Un cri général s’éleva dans la salle de jeu. Une paire aux as venait de faire perdre sa fortune au comte de Bellemont. Ceux qui s’étaient amassés autour de la table pour s’offrir l’émotion de ce « quitte ou double », firent un pas en arrière. Ils étaient frappés de stupéfaction. Jamais, le comte André-Gérard- Émilien de Bellemont n’avait perdu le « dernier coup ». Qui était ce jeune héros qui avait gagné ? Personne ne l’avait jamais vu au Casino avant ce soir. Il avait l’air d’un ange. Comment avait-il pu battre ce démon de comte ? Nul n’arrivait à se faire une idée, ni une raison de ce qui venait de se passer.
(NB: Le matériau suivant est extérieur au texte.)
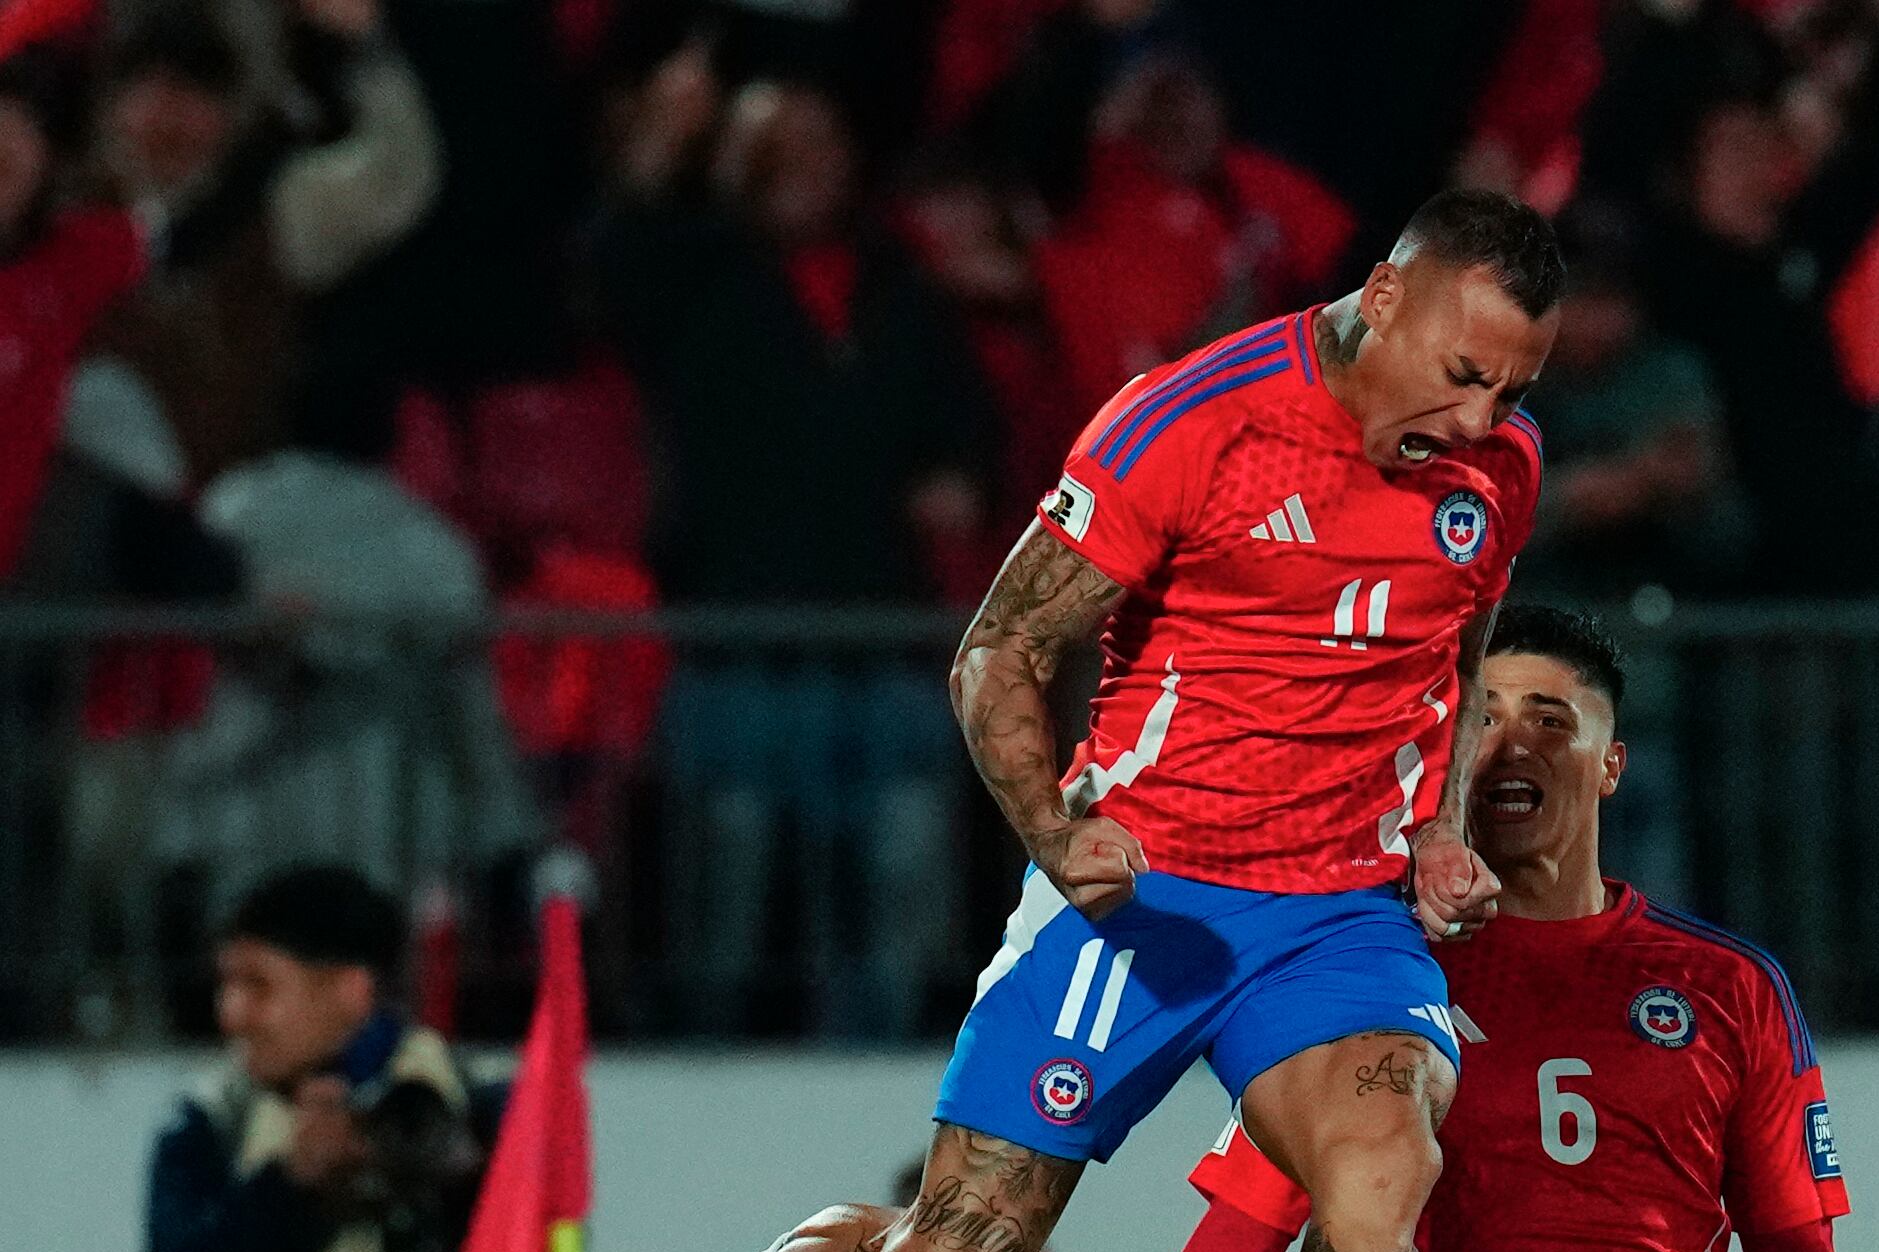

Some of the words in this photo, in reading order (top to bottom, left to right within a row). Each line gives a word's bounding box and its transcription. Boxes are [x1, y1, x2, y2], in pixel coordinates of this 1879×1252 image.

[1320, 578, 1391, 651] 11
[1053, 938, 1136, 1053] 11
[1537, 1057, 1597, 1165] 6
Un jeune homme innocent, presque un enfant, avait vaincu à son propre jeu, le joueur le plus redouté de Paris. Un être qui, disait-on, n’hésitait pas à tricher quand il se sentait perdu, ni à tuer qui l’en eût accusé.
« Comment s’appelle ce pauvre chéri ? demanda une vieille marquise, tout en plongeant instinctivement sa main dans la rivière de diamants qui coulait autour de sa gorge.
- Pauvre n’est guère le mot qui convient, lui répondit son voisin, un beau vieillard souriant. Il vient de gagner un milliard..
- Comment se nomme-t-il ?…
- Bah ! je ne sais plus.
- Amorgador, dit une voix.
- Amorgador ? N’a-t-il pas de patronyme ? insista la marquise en se retournant dans la direction de la voix. »
N’apercevant personne, elle jeta un coup d’œil perdu à son compagnon qui la consola :
« Il doit être sans famille. »
Amorgador, en cet instant, fixait son adversaire. Sur ses prunelles flottait un nuage bleuté qui envahissait la vision du comte. Il avait encore la main posée près des cartes qu’il avait abattues. Il attendait sans bouger. Il attendait en silence. Il attendait, vainqueur.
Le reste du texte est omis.